A new tech tool kit
In an industry that operates under tight margins, additional technology in the supply chain needs to make financial sense to earn widespread adoption.
“If technology can be more efficient and help offset some of the increasing costs in labor, energy, and freight, I think you’ll find a willingness for more producers and operators to embrace it,” says Chris Oliviero, general manager at Niman Ranch. “But, if it’s not going to do that, I think there’s enough headwind, in terms of some of those other areas, that there will be a bit of reluctance.” California-founded and now Colorado-based Niman Ranch was a trailblazer in sustainable, humanely raised livestock when it was founded 50 years ago. To this day, its network of farms and ranches serves as a model that others aspire to emulate.
Technologies currently being utilized in whole, or in part, within the supply chain include blockchain, big data, artificial intelligence (AI), RFID, and the industrial internet of things (iiot). These technologies all require additional work from farmers, suppliers, manufacturers, and distributors to build a standardized electronic labeling system that can be tracked along the supply chain.

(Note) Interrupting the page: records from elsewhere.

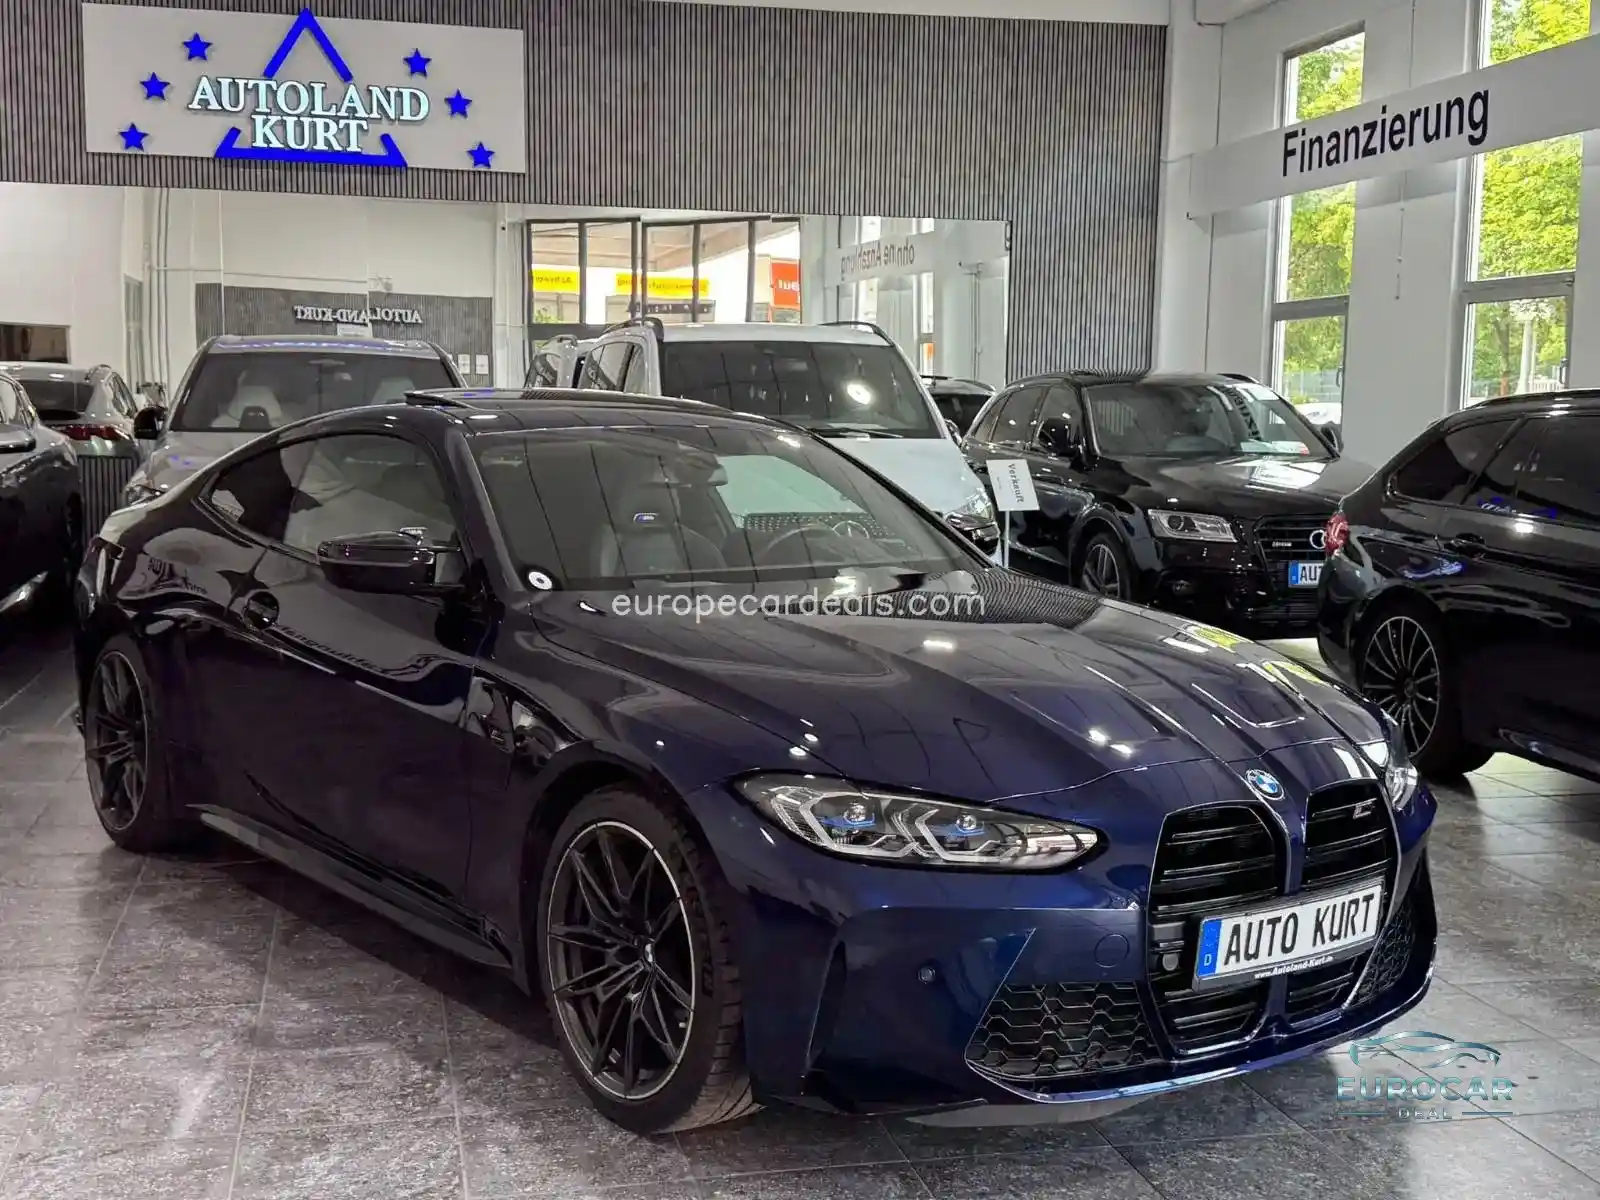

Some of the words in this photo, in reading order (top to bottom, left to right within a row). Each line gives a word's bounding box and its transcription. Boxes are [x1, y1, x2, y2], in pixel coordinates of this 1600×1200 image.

[188, 76, 430, 120] AUTOLAND
[250, 113, 369, 153] KURT
[1282, 88, 1490, 177] Finanzierung
[1007, 464, 1024, 503] Verkauft
[1224, 912, 1299, 965] AUTO
[1312, 893, 1375, 948] KURT
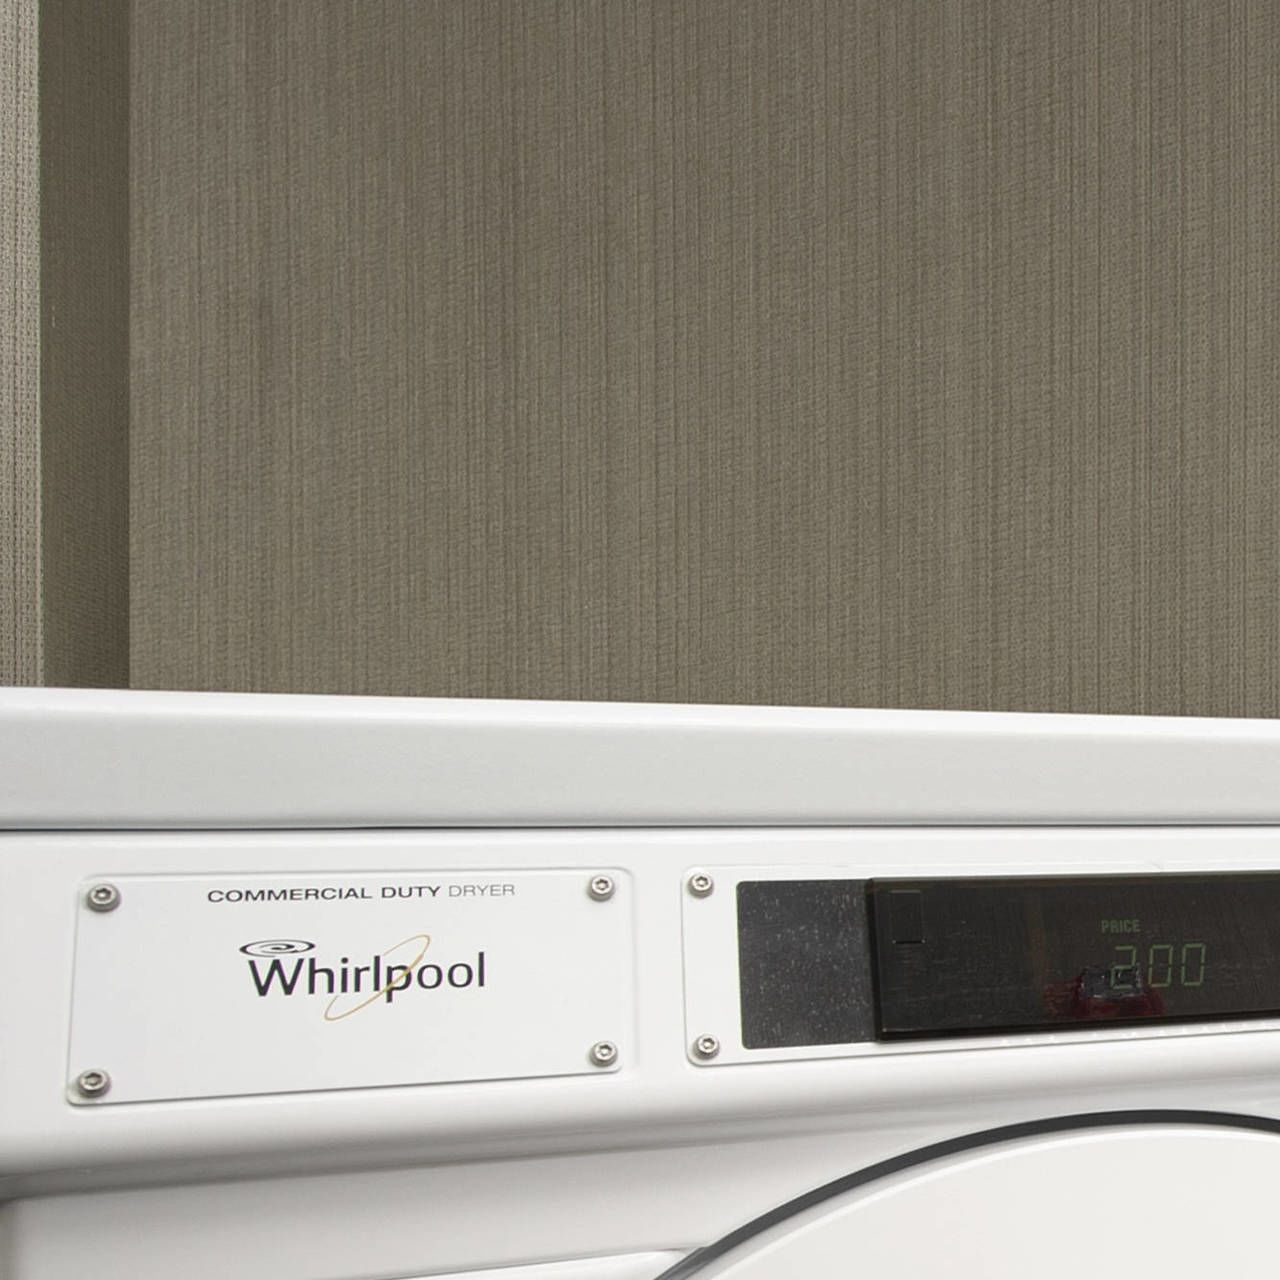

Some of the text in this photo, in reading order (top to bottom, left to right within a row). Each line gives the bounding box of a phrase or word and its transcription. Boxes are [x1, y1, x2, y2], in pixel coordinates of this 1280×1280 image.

[207, 884, 516, 902] COMMERCIAL DUTY DRYER
[1101, 919, 1141, 933] PRICE
[247, 952, 487, 1004] Whirlpool

Meanwhile, chefs are generally happiest with low-tech solutions that allow them to provide sustainable food to their customers. “The ability to pick up the phone and call a producer is really all the tech I need,” Hammett says. “Having a positive working relationship with the farmers and distributors has been one of the keys to our supply chain.”
For the most part, consumers may not see large changes occurring at the chef or operator level, beyond rallying support around a more traceable supply chain. “There’s great pressure put on the seafood industry due to the widespread nature of fraud,” says chef Barton Seaver, chief educator at SeafoodLiteracy.com. He thinks the best application of current supply chain technology moves from the vendor level backward since those purveyors are just as interested as the end operator in selling the truth. “They’ve got just as much on the line,” he adds.
WWF’s Canavan sees innovation across the board, noting that the speed at which it’s happening is impressive. Various stakeholders across the supply chain are able to monitor the progress of a particular product thanks to satellite imagery, drones, and even specialized phone apps.
While some large livestock producers are looking into blockchain, others such as Niman Ranch, which works with a network of small, independent farms, are taking a less complex approach. “What’s really important to us is the transparency angle,” Oliviero says. “Our farmers are compensated, in part, on meat quality, so we need to trace each animal they send through the plant.”
Some farmers may only send Niman Ranch five hogs at a time, making it difficult to track the animals once they commingle with others on the truck, Oliviero says. In fact, he says the greatest challenge is maintaining that connection with the individual hog once it’s broken down into individual products.
Blockchain, a cryptographic technology that uses time stamps and transaction data to link records, could be a game-changer in supply chain management. But first it requires data and buy-in from players across the chain. “That’s where foodservice falls a little bit behind, because not everybody is engaged at this point,” Reinstein says.
Arrowstream’s Olvera favors IIoT since it allows users to put tangible goods on the internet and track them along the supply chain. Through IIoT sensors, operators can track a number of variables, such as temperatures in warehouses and trucks. “We’re seeing more integration of track-and-trace [technology] through IIoT devices, which will probably be the precursor to anything like blockchain,” he says.
Whether suppliers and distributors choose blockchain, IIoT, or another system entirely, Olvera is beginning to see automated processes taking over. Data integrations are occurring in stages and making the process easier for everyone along the supply chain.